Referring expression grounding data
________________________
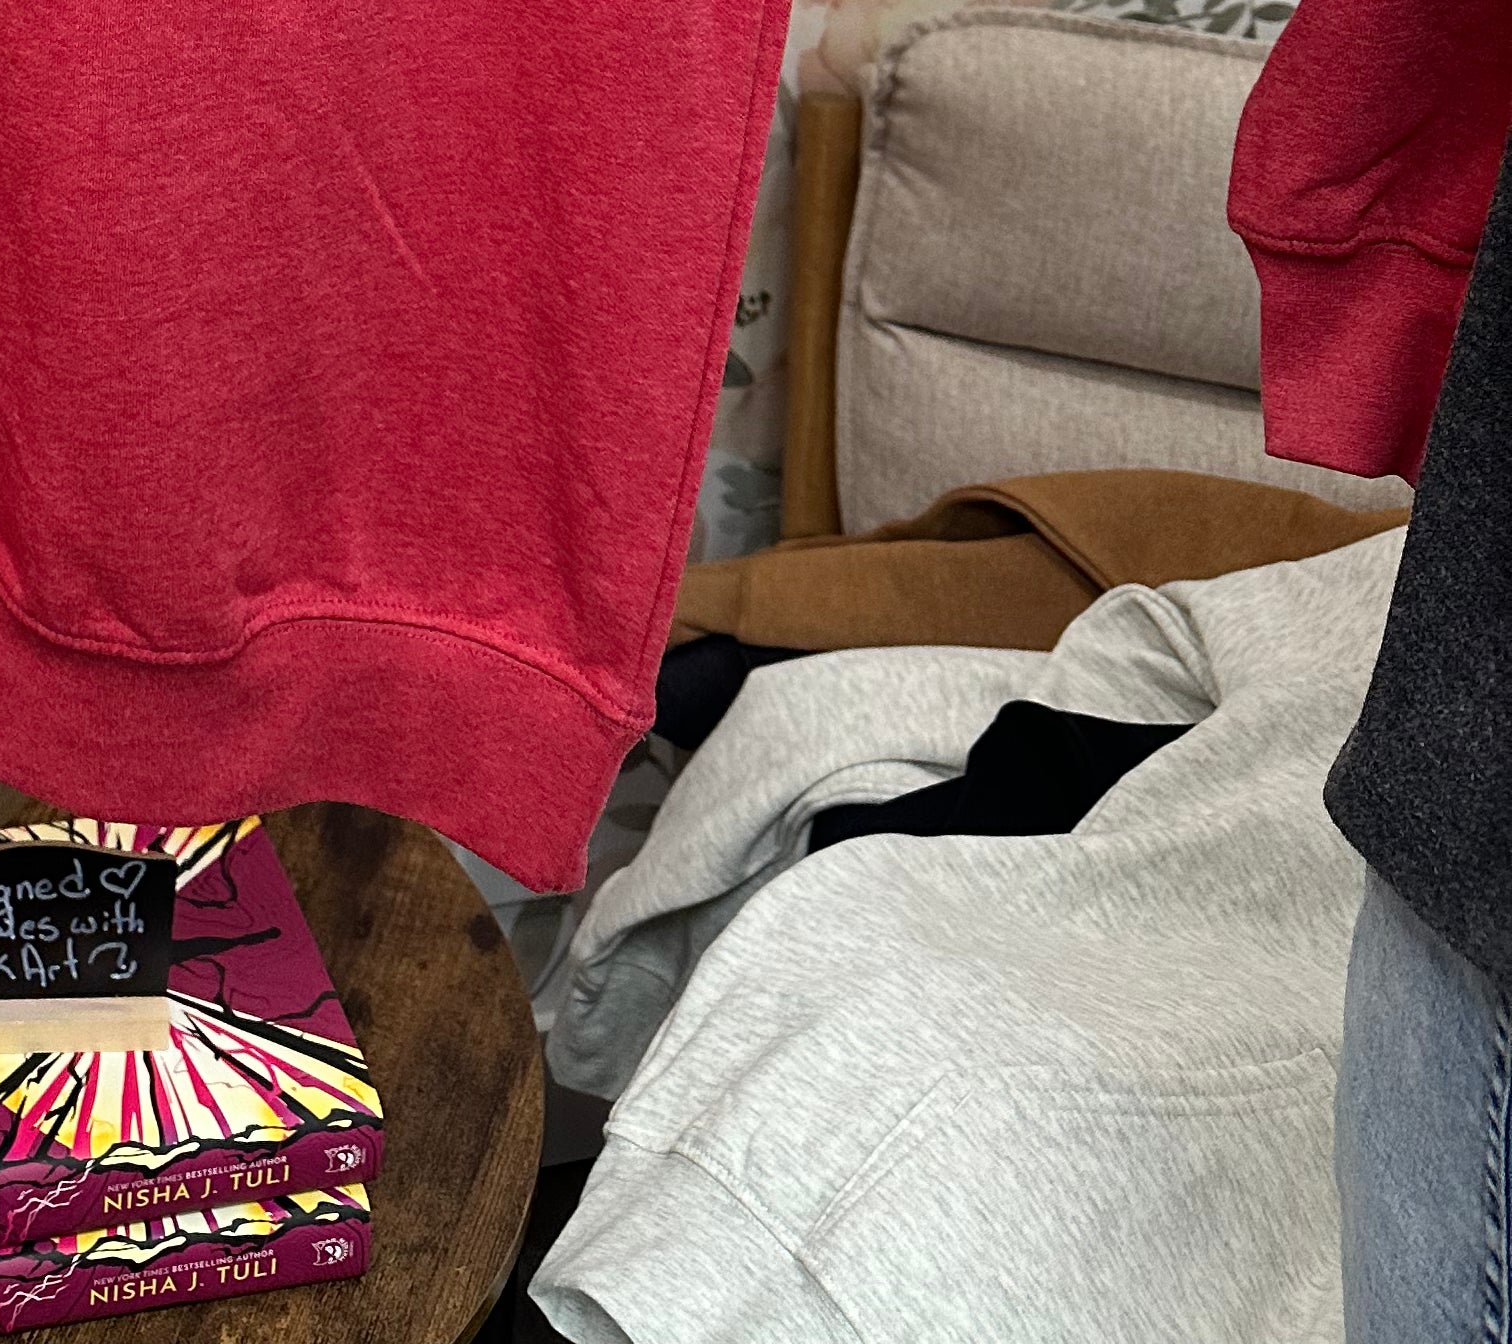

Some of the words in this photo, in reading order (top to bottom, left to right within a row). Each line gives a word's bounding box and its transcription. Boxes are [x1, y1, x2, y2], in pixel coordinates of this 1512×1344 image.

[70, 899, 144, 935] with
[20, 936, 79, 987] Art
[103, 1183, 191, 1213] NISHA
[201, 1178, 219, 1199] J.
[229, 1164, 291, 1192] TULI
[107, 1182, 129, 1193] NEW
[130, 1178, 155, 1189] YORK
[155, 1173, 184, 1184] TIMES
[185, 1163, 247, 1179] BESTSELLING
[248, 1155, 288, 1169] AUTHOR
[90, 1281, 178, 1307] NISHA
[187, 1272, 205, 1293] J.
[216, 1257, 278, 1285] TULI
[93, 1276, 114, 1287] NEW
[116, 1271, 141, 1283] YORK
[142, 1266, 170, 1278] TIMES
[171, 1255, 234, 1273] BESTSELLING
[236, 1248, 275, 1262] AUTHOR
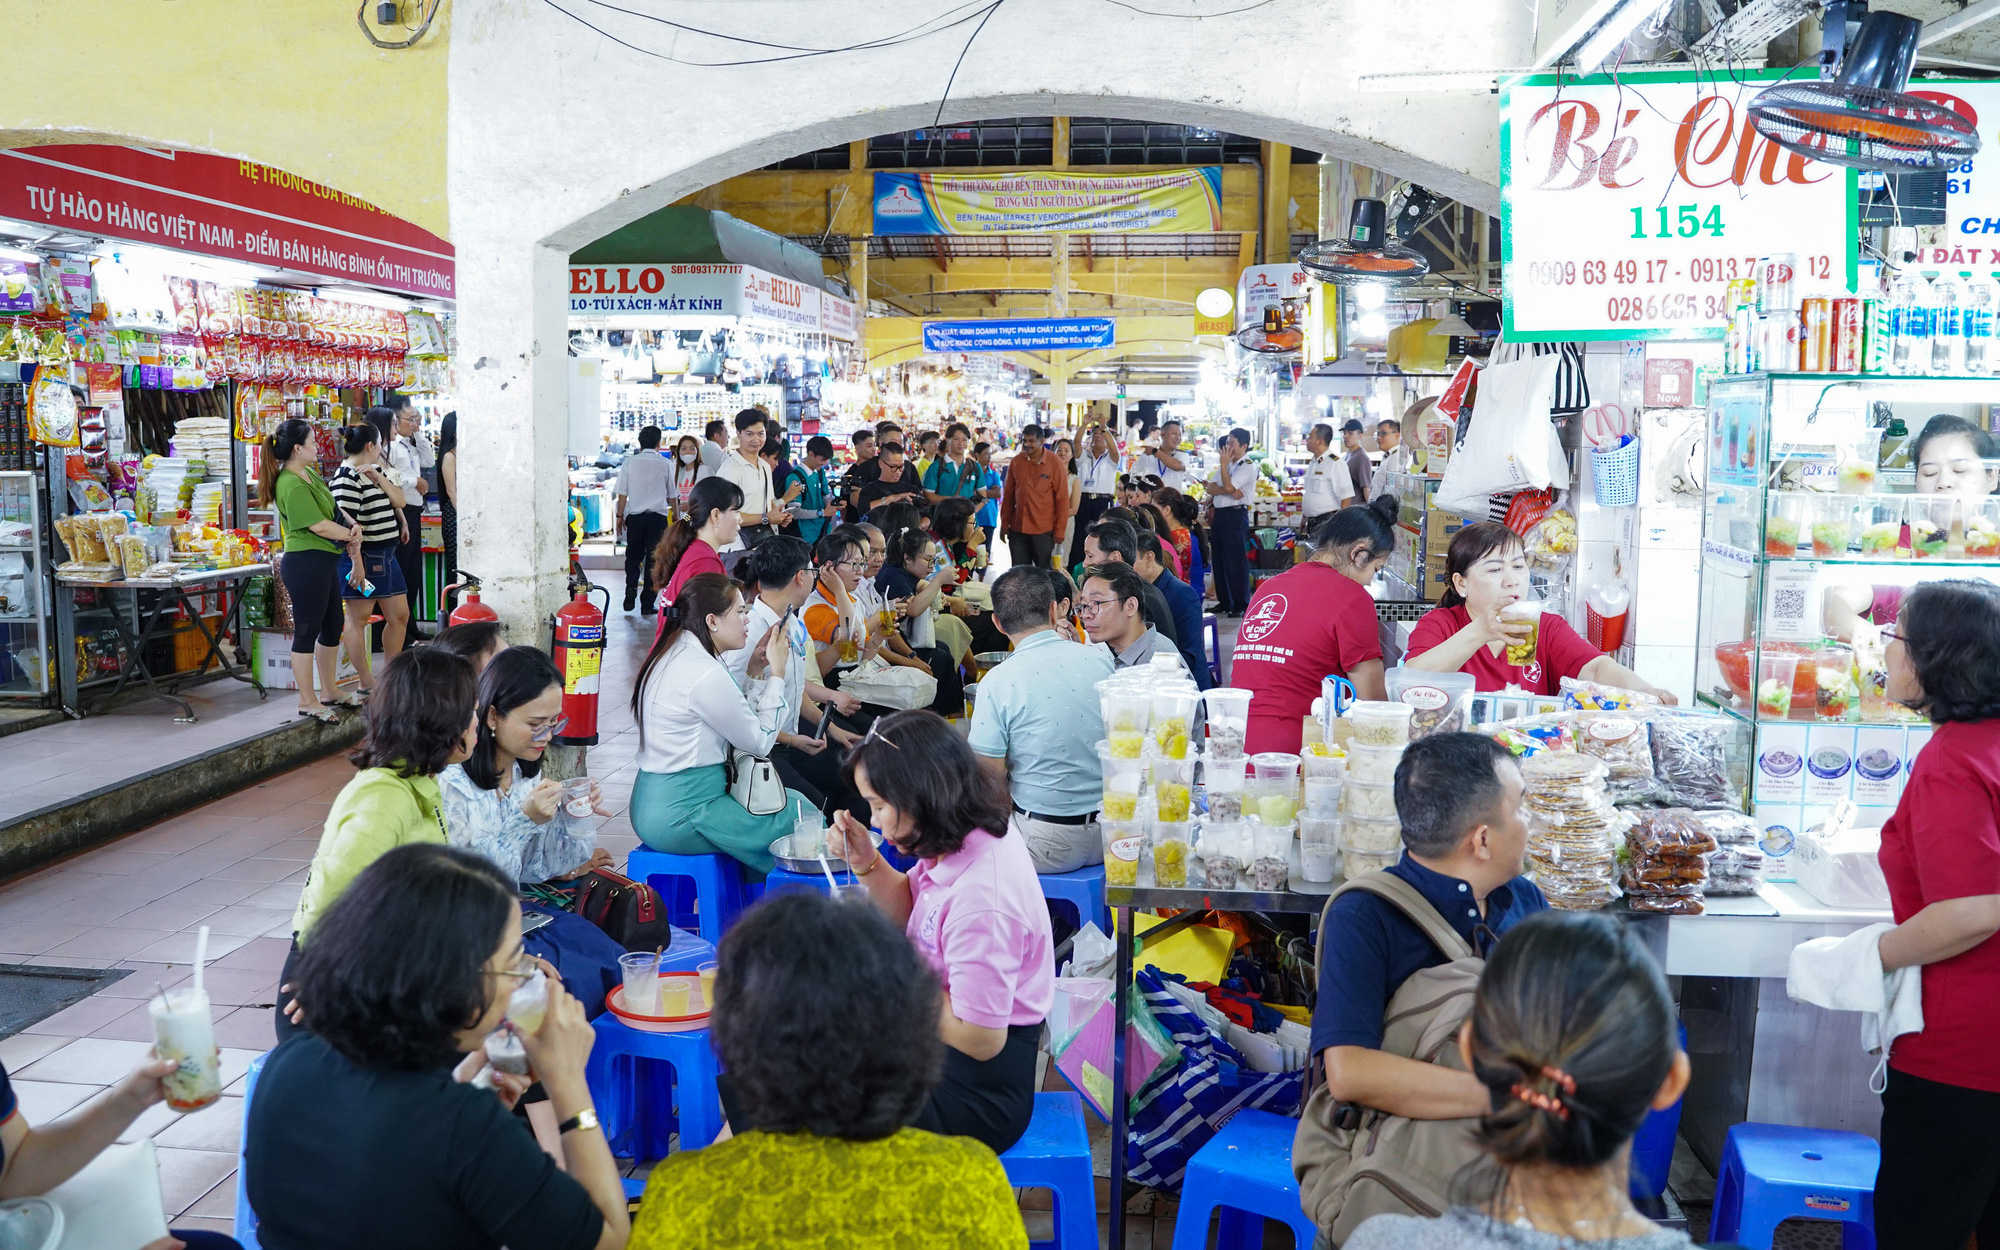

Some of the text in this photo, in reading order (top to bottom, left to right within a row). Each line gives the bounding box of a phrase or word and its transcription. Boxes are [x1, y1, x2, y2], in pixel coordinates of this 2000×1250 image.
________________________
• **Task description**
Write the entries above out in full, exactly, with no images.

• **Exercise response**
Some of the words in this photo, in reading order (top to bottom, left to right within a row). Each line gives a word's bounding box and its transcription. Boxes are [x1, y1, x2, y2], in pixel coordinates of this 1512×1344 image.

[70, 899, 144, 935] with
[20, 936, 79, 987] Art
[103, 1183, 191, 1213] NISHA
[201, 1178, 219, 1199] J.
[229, 1164, 291, 1192] TULI
[107, 1182, 129, 1193] NEW
[130, 1178, 155, 1189] YORK
[155, 1173, 184, 1184] TIMES
[185, 1163, 247, 1179] BESTSELLING
[248, 1155, 288, 1169] AUTHOR
[90, 1281, 178, 1307] NISHA
[187, 1272, 205, 1293] J.
[216, 1257, 278, 1285] TULI
[93, 1276, 114, 1287] NEW
[116, 1271, 141, 1283] YORK
[142, 1266, 170, 1278] TIMES
[171, 1255, 234, 1273] BESTSELLING
[236, 1248, 275, 1262] AUTHOR

Some of the text in this photo, in reading order (top to bottom, left to right within a row). Each line gives the bounding box of a phrase or word and its transcription. Boxes are [x1, y1, x2, y2], in pixel coordinates of this 2000×1250 image.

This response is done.